A strange purple scroll

I am starting to prepare for my M. Litt on 'Environment, Culture and Communication' with David Borthwick at the University of Glasgow's Crichton campus in Sept . A lead appeared this morning courtesy of the Writers Almanac, as follows: today is the birthday (b.1937) of Gary Snyder, a member of the US 'Beat' generation of poets, and is the one among them unexpectedly - to me -  known as the heir of Thoreau because of his interest in nature. The particular nature he celebrates in his poems is that of his native Washington State on the northwest Pacific coast of America, hence of the Sitka spruce the tree I grow in south Lanarkshire in Scotland. Who would have thought it? The 'Beats' and the Forestry Commission?
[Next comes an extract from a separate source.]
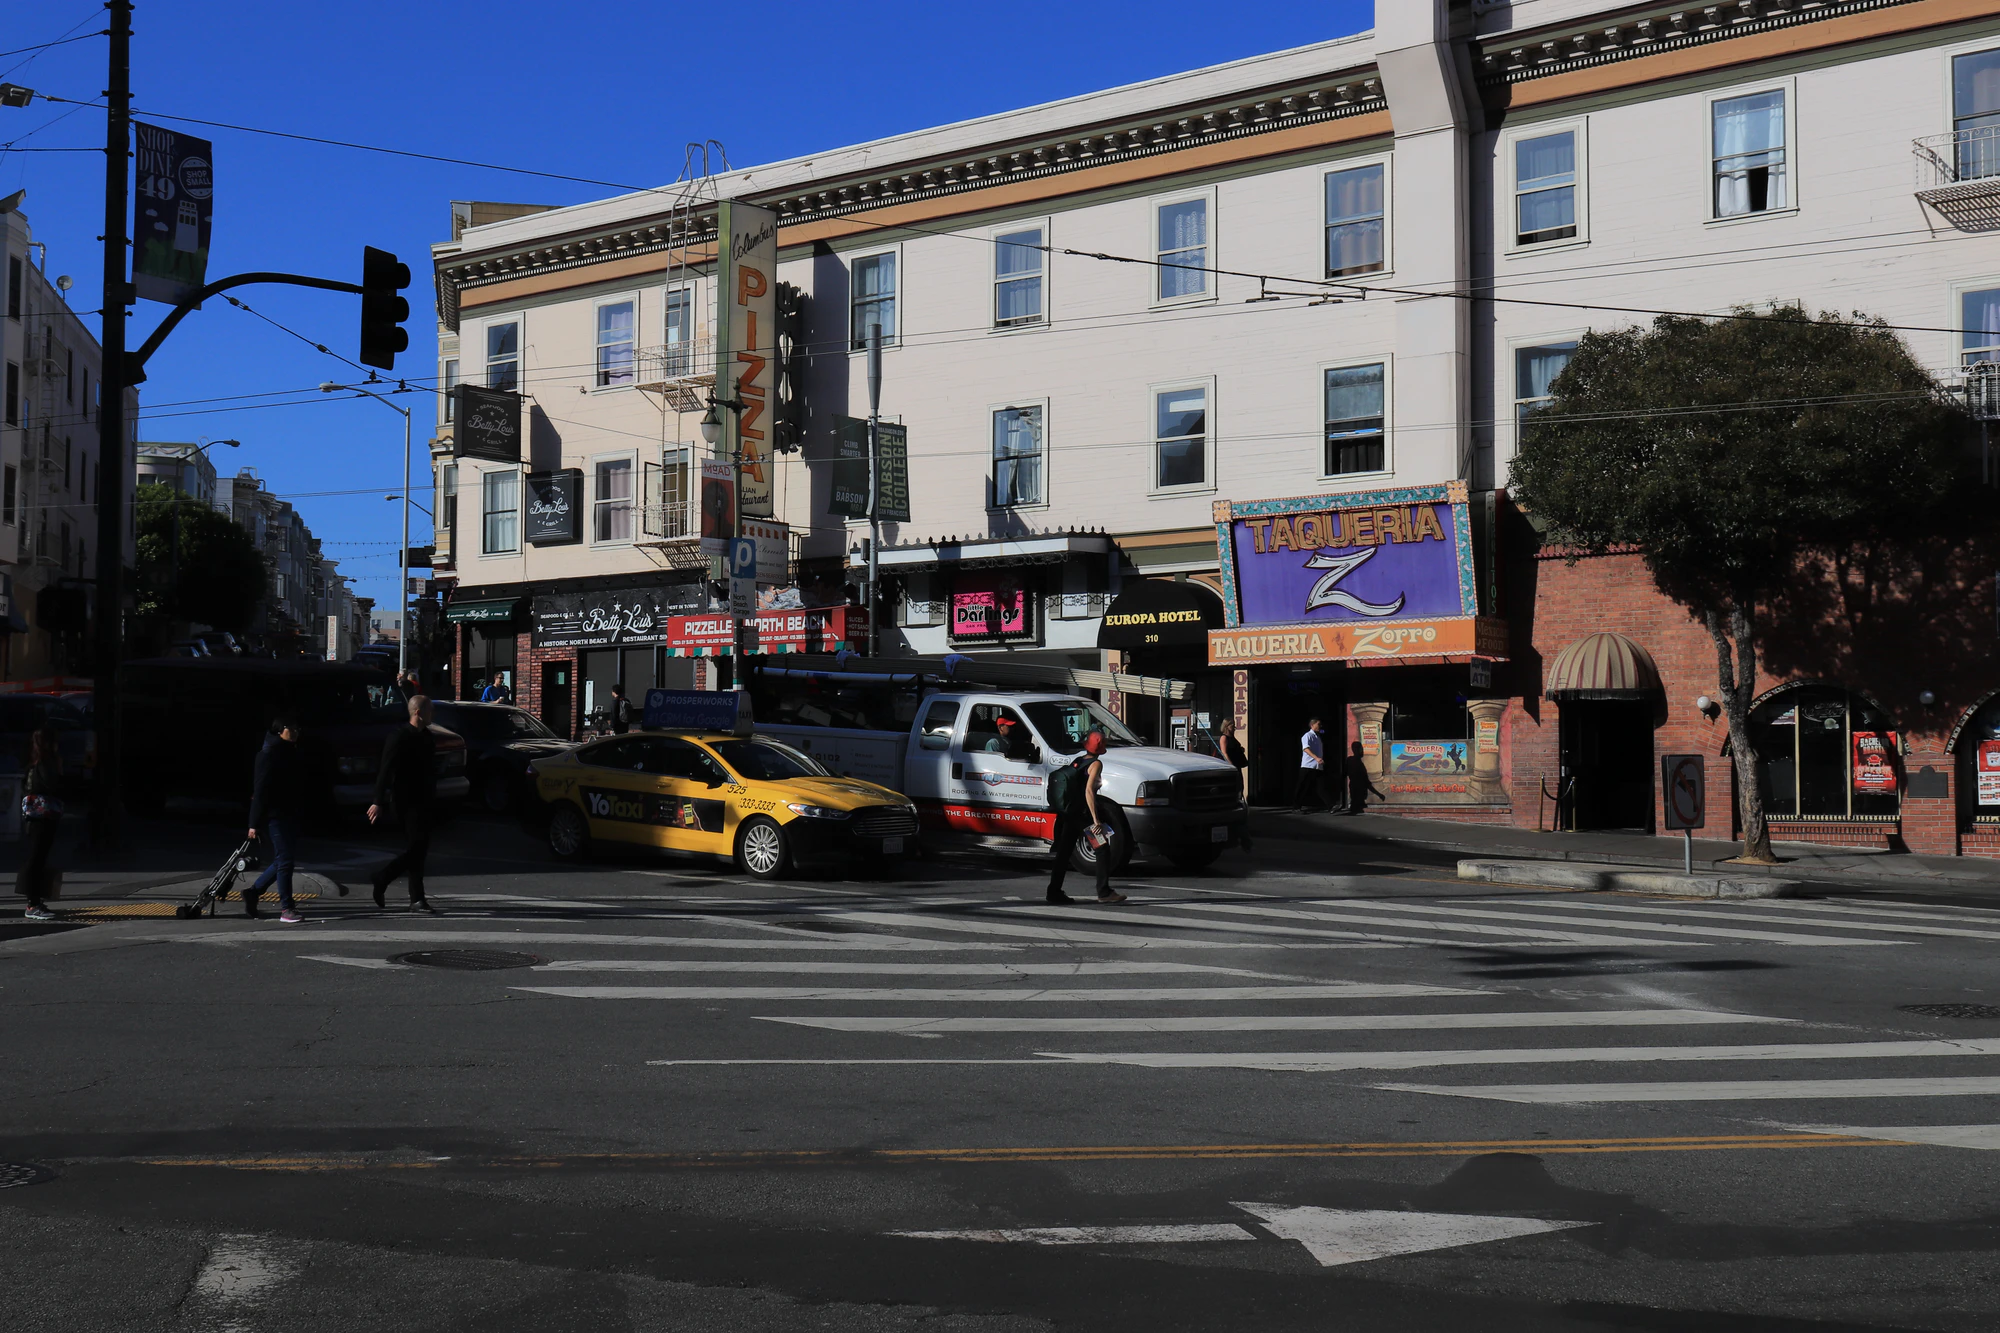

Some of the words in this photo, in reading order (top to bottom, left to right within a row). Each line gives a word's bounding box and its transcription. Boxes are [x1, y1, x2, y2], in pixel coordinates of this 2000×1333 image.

Up to now, I had  the 'Beats' pegged as a pretty urban group. The  only 'Beat' I have had contact with to date was Allan Ginsberg, when he was staying on a barge in Oxford in the early 1960's. My friend Oenone spent that term, as was the custom of the time, with a strange purple scroll painted across half her face. Now a grandmother, it is thanks to her and her husband Roger that Anna The Tulip Pavord is coming to Moffat Book Events Beyond the Garden Gate May 25-27.

I have tracked down my doppelganger, another Elizabeth Roberts, author of Realm of The Black Mountain - a history of Montenegro, thanks to Amelia Wise of Cornell University Press, who sent me Elizabeth's email address at Trinity College, Oxford. I have contacted my namesake and await her reply.